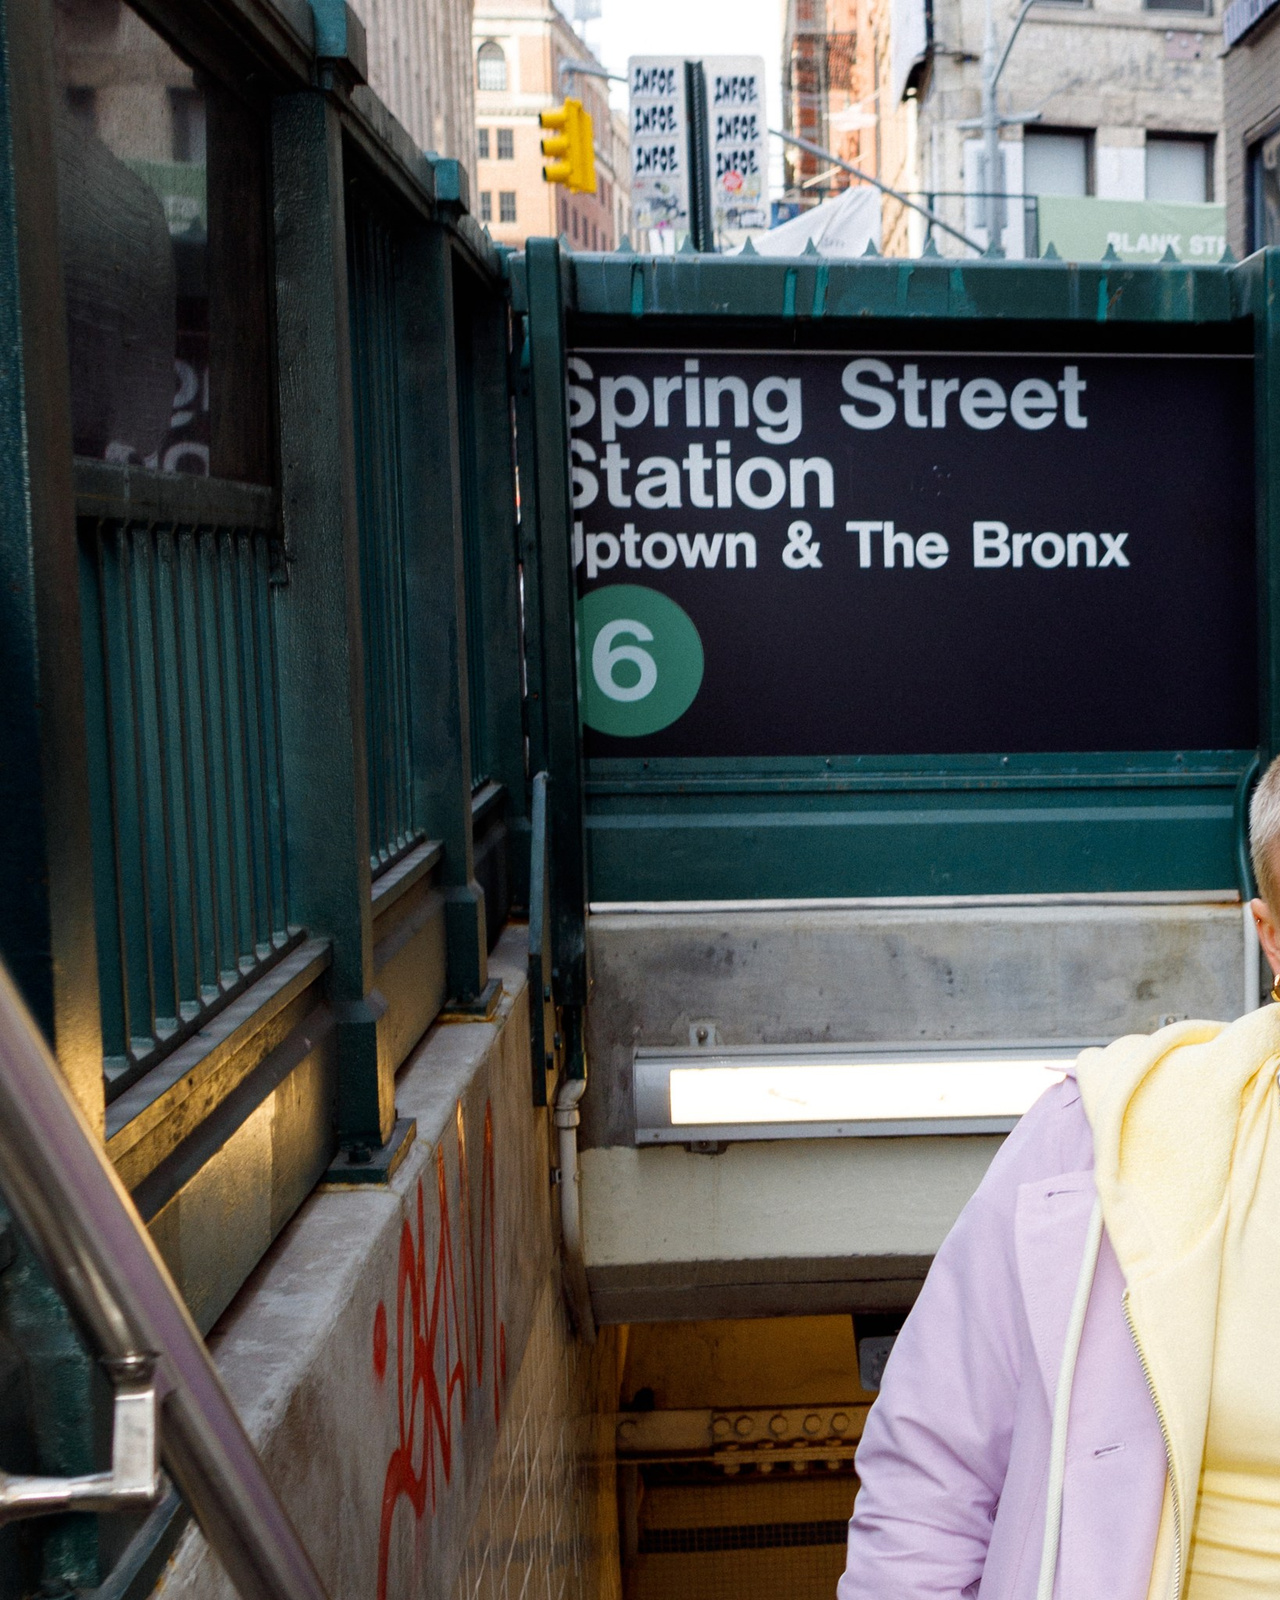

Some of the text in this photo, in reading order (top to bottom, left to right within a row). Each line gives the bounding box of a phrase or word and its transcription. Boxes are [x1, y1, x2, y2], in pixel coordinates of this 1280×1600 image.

[840, 358, 1088, 430] Street
[782, 520, 823, 568] &
[846, 521, 949, 568] The
[973, 521, 1130, 568] Bronx
[592, 619, 658, 703] 6
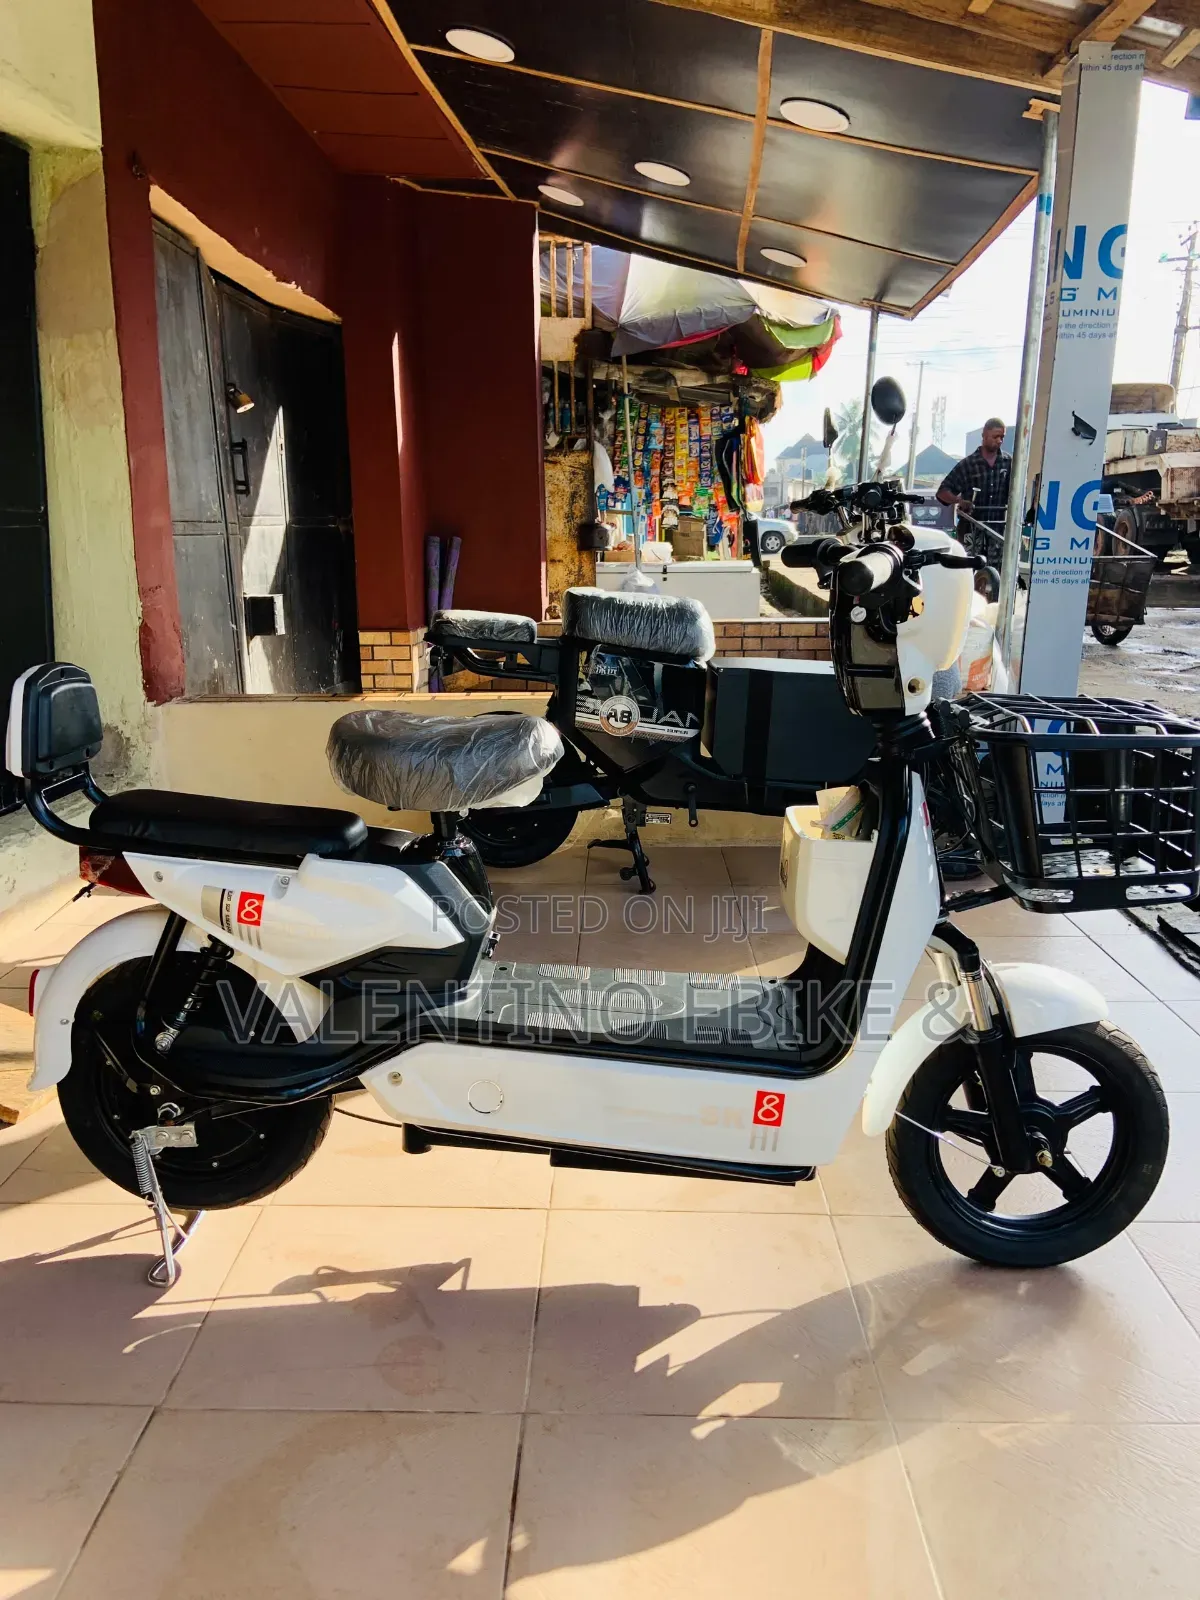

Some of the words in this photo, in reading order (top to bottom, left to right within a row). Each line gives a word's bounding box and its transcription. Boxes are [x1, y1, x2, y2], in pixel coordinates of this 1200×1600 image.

[1114, 64, 1132, 72] days
[1135, 63, 1144, 71] af
[1060, 308, 1117, 317] UMINIU
[1064, 321, 1077, 330] the
[1079, 321, 1111, 330] direction
[1077, 331, 1086, 339] 45
[1089, 331, 1106, 340] days
[1032, 556, 1093, 565] UMINIU
[1039, 568, 1050, 576] the
[1052, 568, 1083, 576] direction
[1061, 577, 1079, 585] days

○ ○ ○ ○

■ TASK INSTRUCTIONS: Omitting all images, retype each line of the records precisely.

■ OUTPUT:
Some of the text in this photo, in reading order (top to bottom, left to right within a row). Each line gives the bounding box of a phrase or word and its transcription. Boxes are [x1, y1, x2, y2], in pixel coordinates of this 1280×1600 image.

[840, 358, 1088, 430] Street
[782, 520, 823, 568] &
[846, 521, 949, 568] The
[973, 521, 1130, 568] Bronx
[592, 619, 658, 703] 6

Some of the words in this photo, in reading order (top to bottom, left to right within a row). Each line gives a word's bounding box and its transcription. Boxes are [x1, y1, x2, y2], in pixel coordinates of this 1200×1600 image.

[1114, 64, 1132, 72] days
[1135, 63, 1144, 71] af
[1060, 308, 1117, 317] UMINIU
[1064, 321, 1077, 330] the
[1079, 321, 1111, 330] direction
[1077, 331, 1086, 339] 45
[1089, 331, 1106, 340] days
[1032, 556, 1093, 565] UMINIU
[1039, 568, 1050, 576] the
[1052, 568, 1083, 576] direction
[1061, 577, 1079, 585] days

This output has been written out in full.